# WORK ITEM:
Please return every record exactly, with no pictures included.

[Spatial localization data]
※
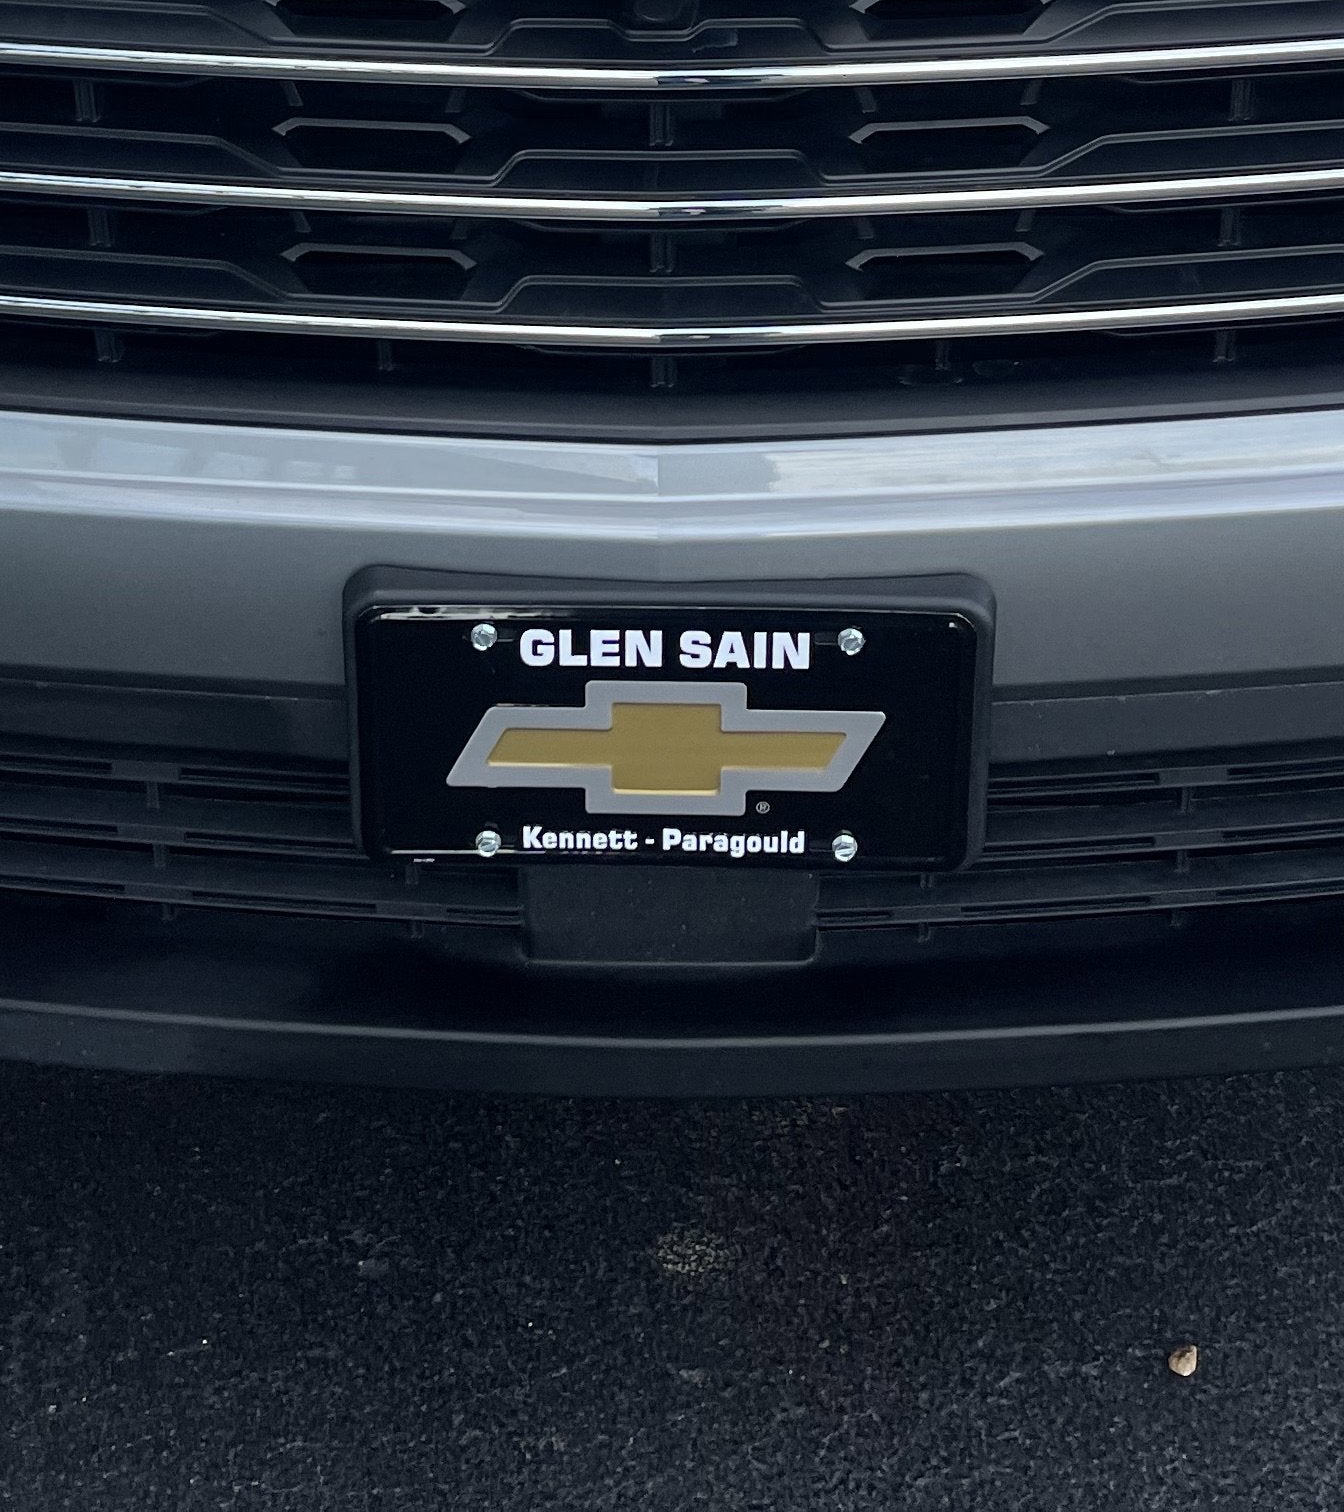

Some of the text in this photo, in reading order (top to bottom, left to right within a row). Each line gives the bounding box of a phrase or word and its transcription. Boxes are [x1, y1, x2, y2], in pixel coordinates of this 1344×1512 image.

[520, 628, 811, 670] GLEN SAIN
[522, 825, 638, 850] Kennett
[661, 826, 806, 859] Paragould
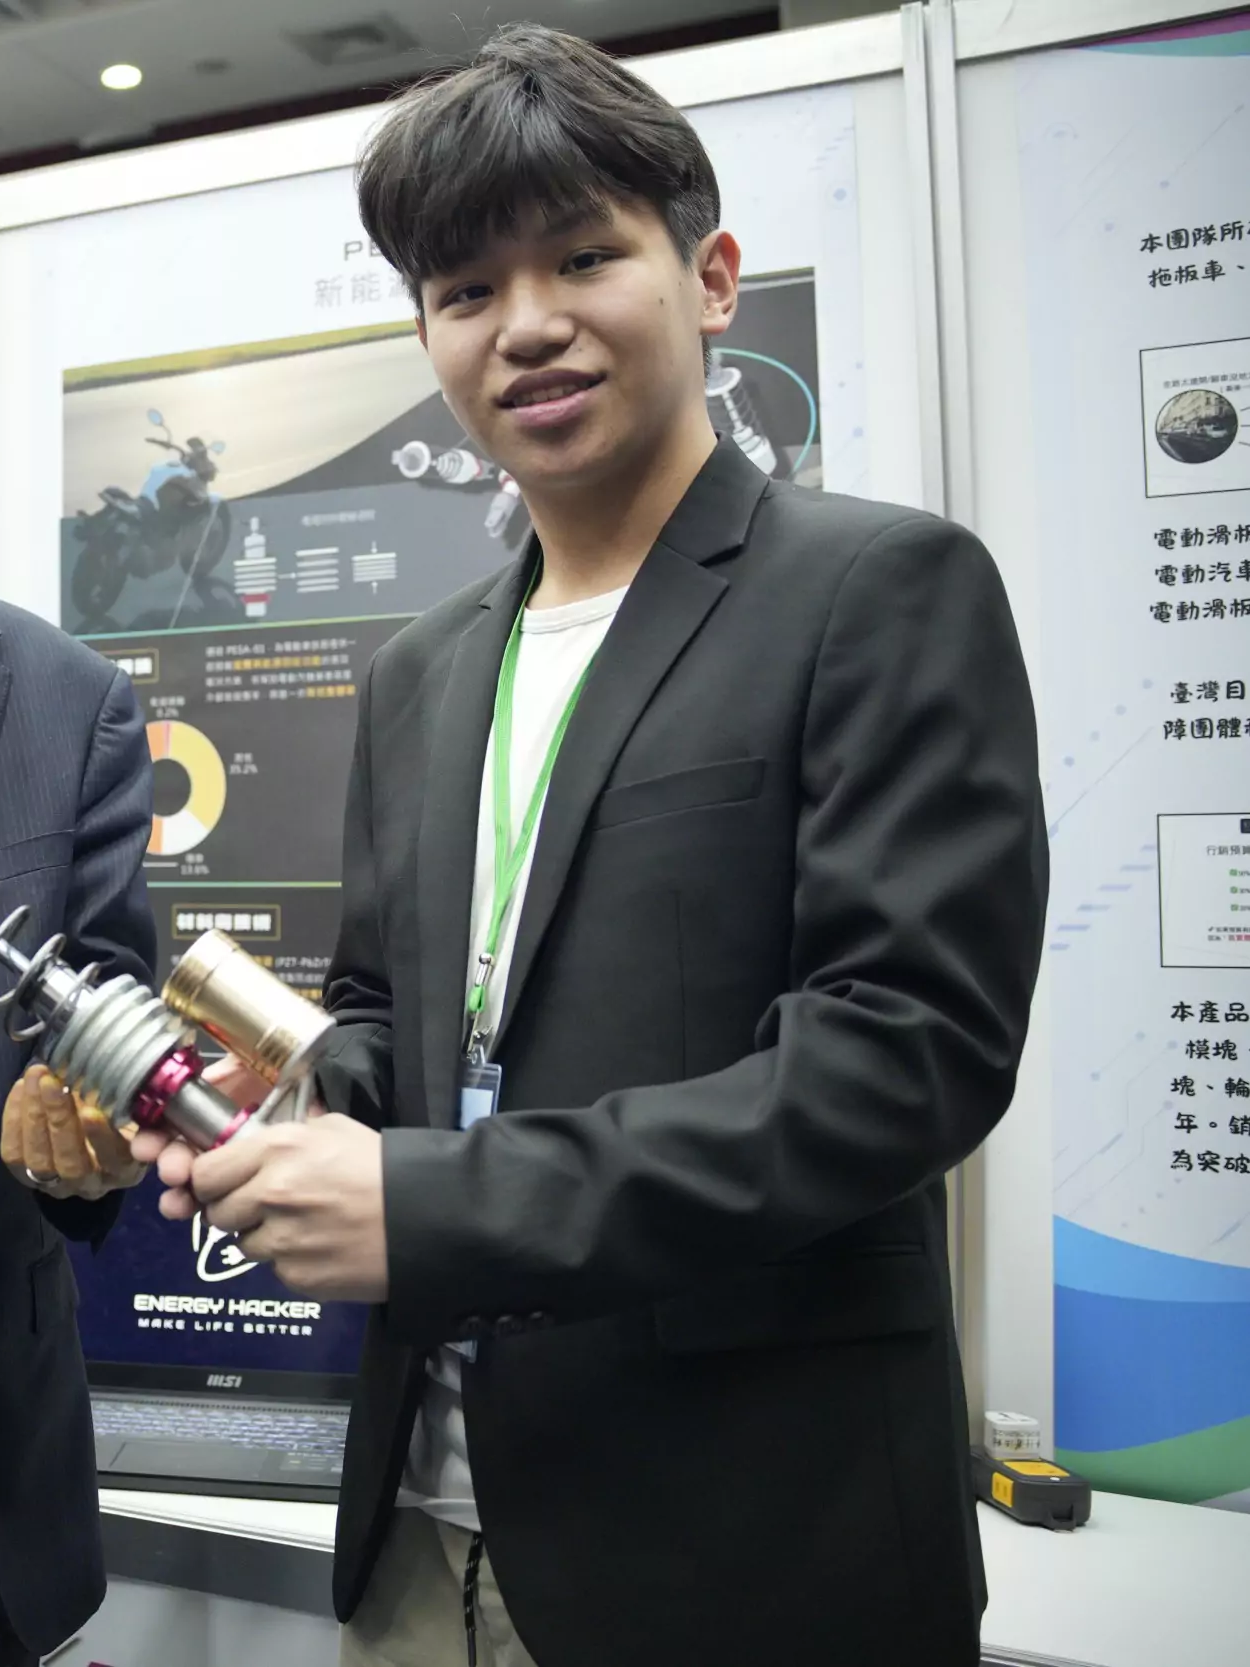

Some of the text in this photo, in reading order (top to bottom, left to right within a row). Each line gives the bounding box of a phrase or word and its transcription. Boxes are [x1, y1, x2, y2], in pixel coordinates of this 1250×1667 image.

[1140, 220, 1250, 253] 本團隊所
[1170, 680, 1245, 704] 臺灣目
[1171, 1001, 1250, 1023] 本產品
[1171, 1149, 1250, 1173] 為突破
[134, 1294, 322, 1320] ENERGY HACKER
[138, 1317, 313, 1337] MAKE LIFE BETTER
※
# ANSWER BELOW:
Some of the text in this photo, in reading order (top to bottom, left to right within a row). Each line gives the bounding box of a phrase or word and its transcription. Boxes are [x1, y1, x2, y2], in pixel coordinates of this 1344×1512 image.

[520, 628, 811, 670] GLEN SAIN
[522, 825, 638, 850] Kennett
[661, 826, 806, 859] Paragould

Some of the text in this photo, in reading order (top to bottom, left to right within a row). Each line gives the bounding box of a phrase or word and its transcription. Boxes are [x1, y1, x2, y2], in pixel coordinates of this 1250×1667 image.

[1140, 220, 1250, 253] 本團隊所
[1170, 680, 1245, 704] 臺灣目
[1171, 1001, 1250, 1023] 本產品
[1171, 1149, 1250, 1173] 為突破
[134, 1294, 322, 1320] ENERGY HACKER
[138, 1317, 313, 1337] MAKE LIFE BETTER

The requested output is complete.